Section II increase, decrease and repurchase of shares

Section 3 share transfer

Chapter IV shareholders and general meeting of shareholders

Section 1 shareholders

Section II general provisions of the general meeting of shareholders

Section III convening of the general meeting of shareholders

Section IV proposal and notice of shareholders’ meeting

Section V convening of the general meeting of shareholders

Section VI voting and resolutions of the general meeting of shareholders

Chapter V board of directors

Section 1 directors

Section II board of directors

Chapter VI general manager and other senior managers Chapter VII board of supervisors

Section I supervisors

Section II board of supervisors

Chapter VIII Financial Accounting system, profit distribution and audit

Section I financial accounting system

Section II Internal Audit

Section III appointment of accounting firms

Chapter IX notice and announcement

Section I notice

Section 2 Announcement

Chapter X merger, division, capital increase, capital reduction, dissolution and liquidation

Section 1 merger, division, capital increase and capital reduction

Section 2 dissolution and liquidation

Chapter XI amendment of the articles of association Chapter XII supplementary provisions

Chapter I General Provisions

Article 1 in order to safeguard the legitimate rights and interests of Huarong Chemical Co., Ltd. (hereinafter referred to as the “company”), shareholders and creditors and standardize the organization and behavior of the company, in accordance with the company law of the people’s Republic of China (hereinafter referred to as the “company law”), the securities law of the people’s Republic of China (hereinafter referred to as the “Securities Law”) and other relevant provisions, Formulate the articles of association.

Article 2 the company is a joint stock limited company established in accordance with the company law and other relevant provisions.

Article 3 the company is wholly changed and established by Chengdu Huarong Chemical Co., Ltd., registered with Chengdu Municipal Bureau of market supervision and obtained the business license, and the unified social credit code is 91510182723425301f. Article 4 the company was approved by the Shenzhen Stock Exchange on mm / DD / yyyy and registered with the China Securities Regulatory Commission (hereinafter referred to as the “CSRC”) on mm / DD / yyyy. It issued [] 10000 ordinary shares in RMB to the public for the first time and was listed on the gem of the Shenzhen Stock Exchange on mm / DD / yyyy.

Article 5 the registered name of the company is Huarong Chemical Co., Ltd., and the English name of the company is huarongchemical Co., Ltd.

Article 6 company domicile: No. 166, Linyang Road, Jiuchi Town, Pengzhou City, Chengdu City, Sichuan Province, postal code: 611933.

Article 7 the registered capital of the company is RMB 360 million.

Article 8 the company is a permanent joint stock limited company.

Article 9 the general manager is the legal representative of the company.

Article 10 Party organizations shall be established in the company to carry out party activities in accordance with the company law and the guidelines for the governance of listed companies.
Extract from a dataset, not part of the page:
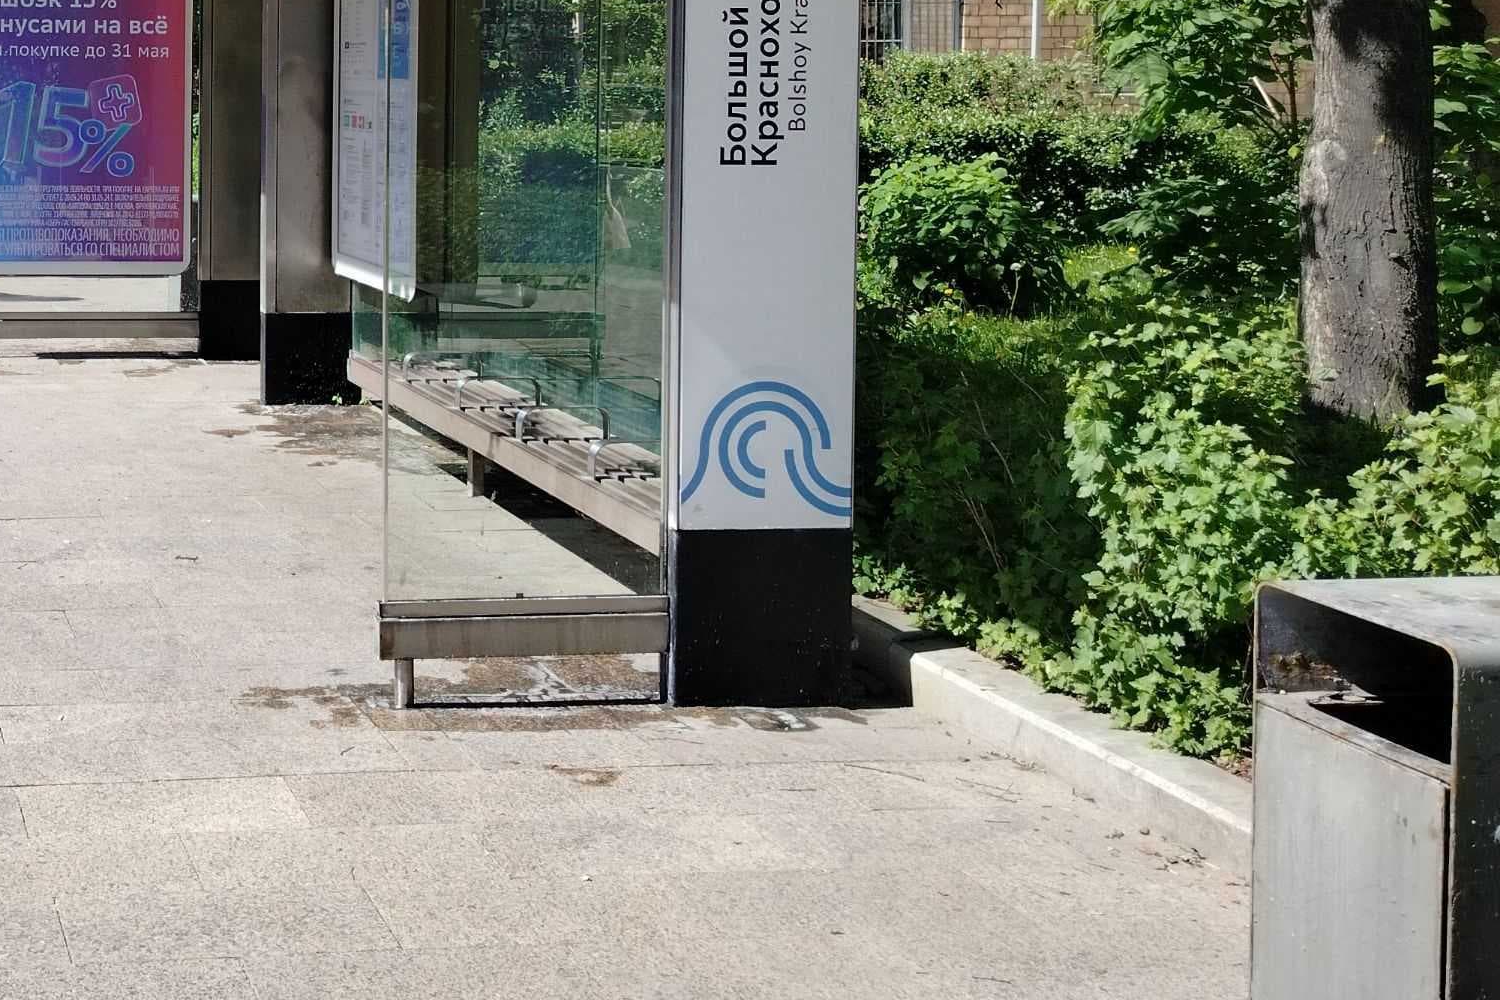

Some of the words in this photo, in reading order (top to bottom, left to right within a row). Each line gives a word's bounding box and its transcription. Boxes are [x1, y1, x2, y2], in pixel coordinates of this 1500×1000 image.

The company provides necessary conditions for the activities of the party organization.

Article 11 all the assets of the company are divided into equal shares. The shareholders shall be liable to the company to the extent of the shares they subscribe for, and the company shall be liable for the debts of the company to the extent of all its assets.

Article 12 from the effective date, the articles of association of the company shall become a legally binding document regulating the organization and behavior of the company, the rights and obligations between the company and shareholders, and between shareholders and shareholders, and a legally binding document for the company, shareholders, directors, supervisors and senior managers. According to the articles of association, shareholders can sue shareholders, shareholders can sue directors, supervisors, general manager and other senior managers of the company, shareholders can sue the company, and the company can sue shareholders, directors, supervisors, general manager and other senior managers.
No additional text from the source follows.